May. 29th, 2012

ceitfianna: (Star Trek dare to dream)
GEMINI (May 21-June 20): Your core meditation this week is Oscar Wilde's
belief that disobedience is a primal virtue. Be ingeniously, pragmatically,
and cheerfully disobedient, Gemini! Harness your disobedience so that it
generates outbreaks of creative transformation that improve your life. For
inspiration, read this passage by Robert Anton Wilson: "Every fact of
science was once damned. Every invention was considered impossible.
Every discovery was a nervous shock to some orthodoxy. Every artistic
innovation was denounced as fraud and folly. The entire web of culture
and progress, everything on earth that is man-made and not given to us
by nature, is the concrete manifestation of someone's refusal to bow to
Authority. We would be no more than the first apelike hominids if it were
not for the rebellious, the recalcitrant, and the intransigent."


Well, Uncle Rob, I have no idea what to make of that. Today I feel the weight of summer and waiting to hear about the last job sitting on me alongside my body being sore and awful. I have all these ideas and worries swirling around in my head from working on XMFC plot stuff in Milliways and not wanting to be too bossy, but also going I want all the threads and overthinking to worrying about the last librarian blog post I wrote and was it too honest. I don't feel how to be terribly disobedient at the moment, but its something to think on. Maybe its a reminder to stop worrying so much about spending my tax refund and instead go, if I see something I should do it just like that. It might also be that I'm feeling a little sharp at the moment, mainly due to the waiting but its okay to say, this is what I need now.
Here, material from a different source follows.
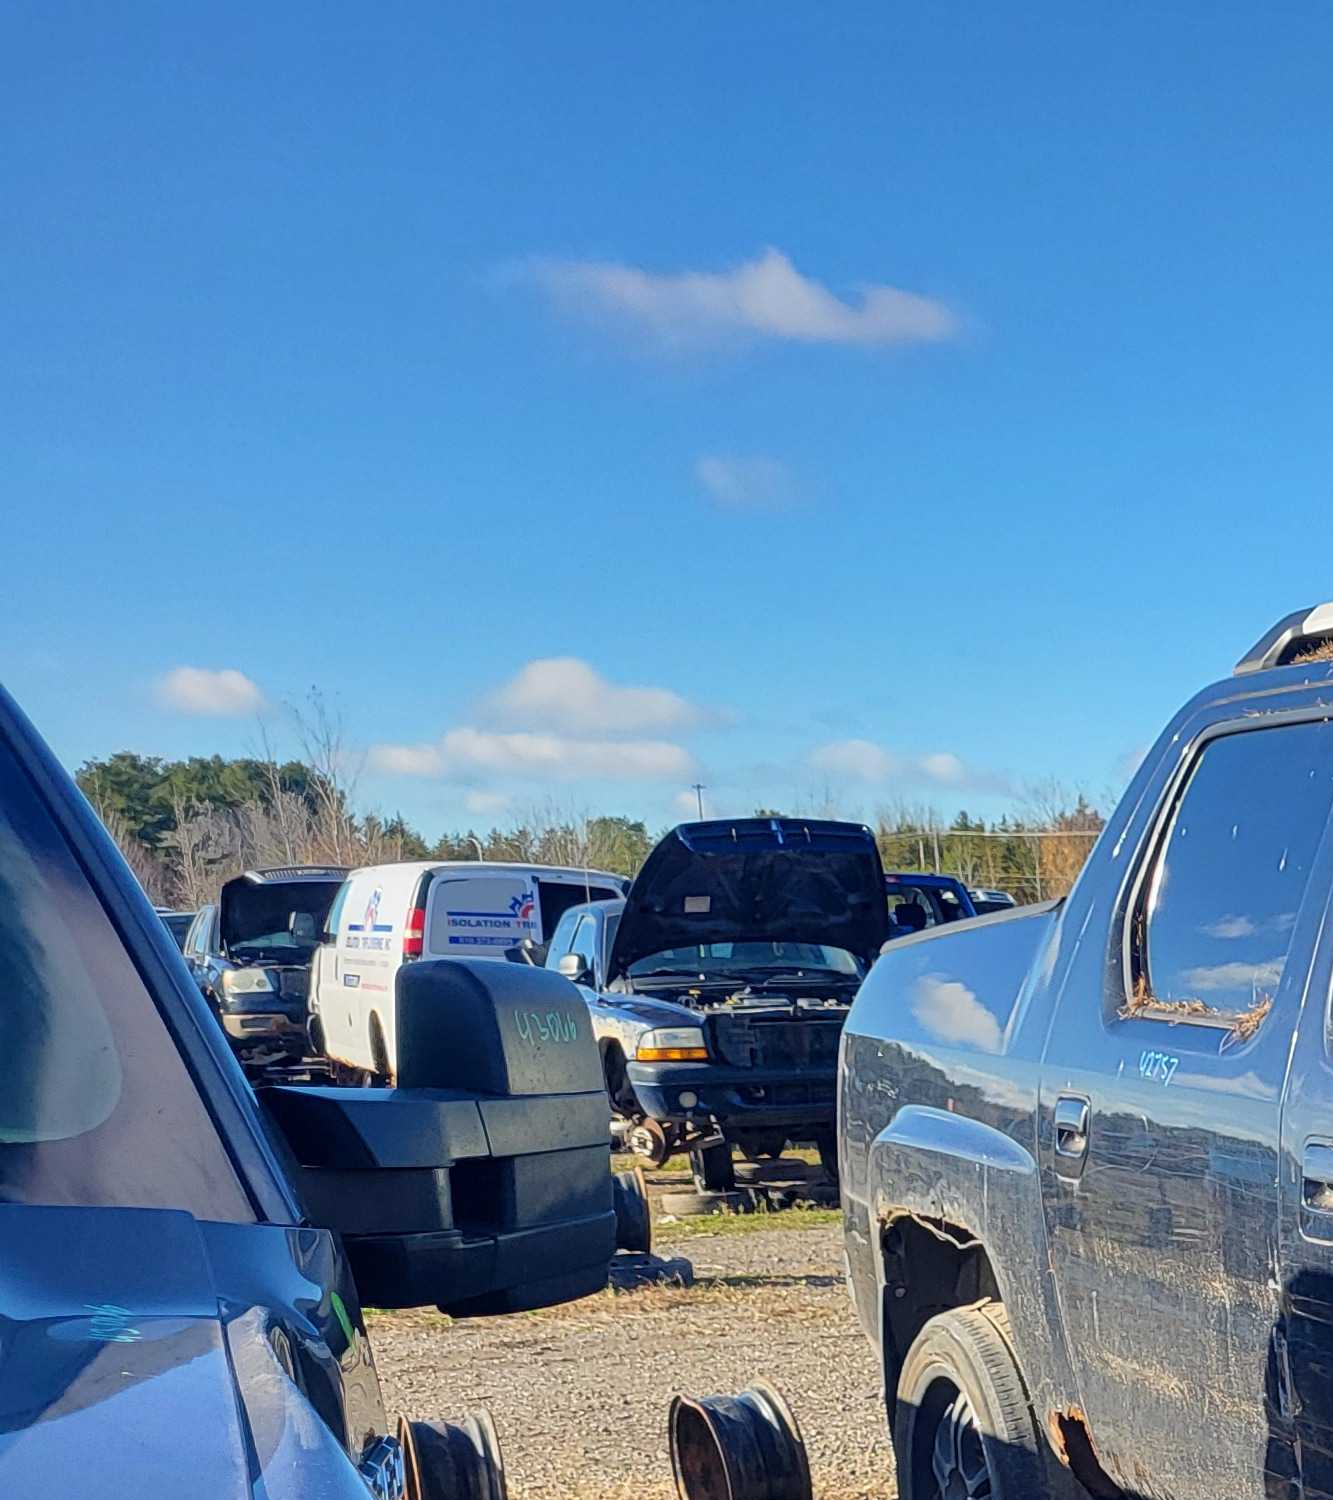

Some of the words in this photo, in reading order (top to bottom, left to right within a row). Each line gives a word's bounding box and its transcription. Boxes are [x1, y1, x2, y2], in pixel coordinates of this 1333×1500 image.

[447, 919, 511, 929] ISOLATION
[513, 1010, 577, 1047] 43066
[1139, 1050, 1179, 1088] 42757
Yesterday at the cookout, I was talking about the characters I roleplay and how I tend to play fixers who forget to look after themselves, mainly because this is the kind of person I am. Perhaps I'll take my coming birthday as an excuse to indulge and take care of myself first.

My birthday's coming up in under two weeks now and [personal profile] dodger_sister has offered to take me out to dinner or a movie, probably Snow White and the Huntsman, which sounds wonderful. Yesterday I hung out with her and various friends for a cookout and talking about family, fandom and playing the six degrees game with actors, which is hard. It was a really lovely day and life is overall good, today I just feel a little tired.